Telling Your Parents,That u are Pregnant

Posted by Admin

No teenage girl wants to have to tell her parents that she is pregnant and no parent of a teenage girl wants to hear that news. Still, if you are a pregnant teenager, it is important to tell your parents and allow them to help you through the experience. This article offers some ideas about how to tell your parents that you are pregnant.

Why Tell?

If you are pregnant, you have three basic choices. You can give birth to the baby and keep it. You can give birth to the baby and give it up for adoption. Or you can have an abortion. If you’ve chosen one of the first two options, your parents definitely need to know—your changing body will make it easy for them to guess anyway. If you tell them yourself, rather than waiting for them to notice it, you will have much more control over where the conversation takes place and how it goes.

If you choose the third option, abortion, you may be able to keep your parents in the dark. However, some states have parental notification or consent laws. Even if your state doesn’t, you should tell your parents that you have been through something so important and potentially life-altering.

The only reason not to tell your parents is if they have a history of abuse and you fear for your safety. If this is the case, contact a women’s clinic or hospital and make an appointment to see their social worker.

Preparation

Before you talk to your parents, double check the results of the pregnancy test. Some of the early-detection tests are not very accurate and may give false positive readings.

If you are sure you are pregnant, take a day or two to think through your options.

Plan what you are going to say to your parents. Do you want to talk to them together or would you rather tell one of them before the other?

Find a time to speak to your parent or parents in private, when they have some time to talk and are not rushing off to work or another commitment. If it is hard to catch them in a free moment, ask them to schedule some time to talk to you about something serious.

Tempting as it may be to tell your parents in a public place, like a restaurant, avoid this impulse. Tempers run high at such a moment, voices may get raised, and you don’t want a bunch of strangers witnessing a big fight between you and your parents.

Most parents of pregnant teens try to be supportive, but just in case the talk goes badly and they throw you out of the house, or you feel unsafe and want to leave, it’s a good idea to have a Plan B. Could you stay with your baby’s father or with one of your girlfriends for a couple of days? Is there another relative who might take you in?

The Talk

There is no way you can cushion your parents from the natural shock and grief they will feel when you tell them you’re pregnant. There’s no gentle lead in, no way to make a joke of it, and it’s cruel to make them guess. The mature thing to do, once you have your parents alone in a private place is to simply say, “Mom, Dad, I’m pregnant.”
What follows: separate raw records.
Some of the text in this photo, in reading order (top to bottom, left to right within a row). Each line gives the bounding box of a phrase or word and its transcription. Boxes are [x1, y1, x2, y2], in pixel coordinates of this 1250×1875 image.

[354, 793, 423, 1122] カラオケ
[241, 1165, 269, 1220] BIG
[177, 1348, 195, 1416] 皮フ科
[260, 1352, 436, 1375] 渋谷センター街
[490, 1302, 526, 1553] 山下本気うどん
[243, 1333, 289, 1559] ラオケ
Be prepared for an intense emotional reaction, such as crying or yelling. Be prepared, too, to answer questions about who the father is, how the pregnancy happened (for instance, were you not using birth control or did your birth control fail), and what you plan to do now.

Some parents may take over and start making plans for you. Although this may feel very comforting at the time, make sure your voice is also heard, especially if you and your parents have different ideas about how the pregnancy should be handled.
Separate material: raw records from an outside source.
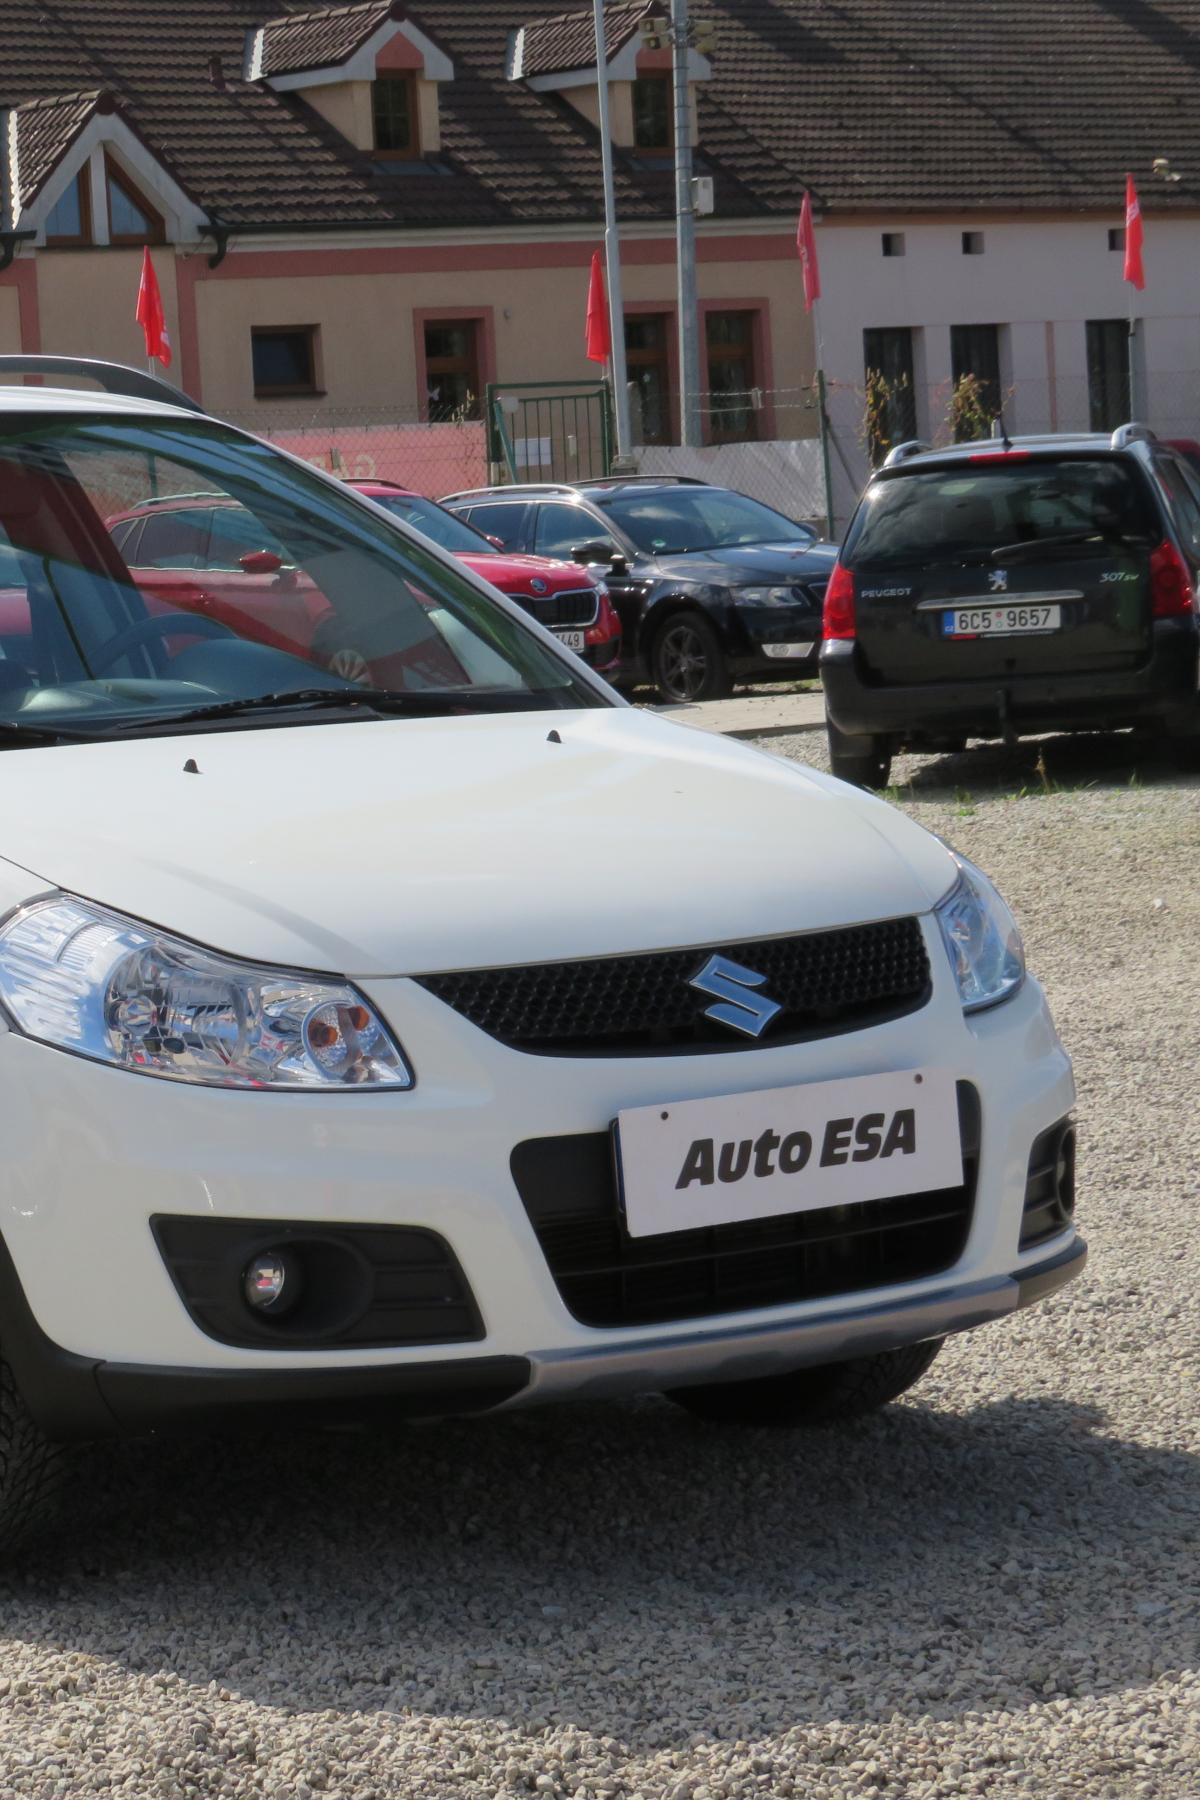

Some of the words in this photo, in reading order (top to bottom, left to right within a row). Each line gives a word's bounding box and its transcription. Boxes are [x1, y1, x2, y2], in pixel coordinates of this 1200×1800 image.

[860, 587, 912, 598] PEUGEOT
[959, 611, 992, 630] 6C5
[1006, 607, 1051, 628] 9657
[674, 1128, 813, 1190] Auto
[819, 1108, 916, 1168] ESA
There is no “typical” reaction to hearing the news that one’s daughter is pregnant. Some parents are immediately reassuring, others may be angry, still others will try to ignore (deny) the news.

If your parents have an extreme reaction, give them a few days to pull it together. Then approach them again. Hopefully they will be calmer and more able to give you the support you need once the idea has sunk in.

Having to tell your parents that you are pregnant is one of the hardest things you’ll ever have to do. But if you can be direct and honest with them, they may turn into a valuable source of support and comfort.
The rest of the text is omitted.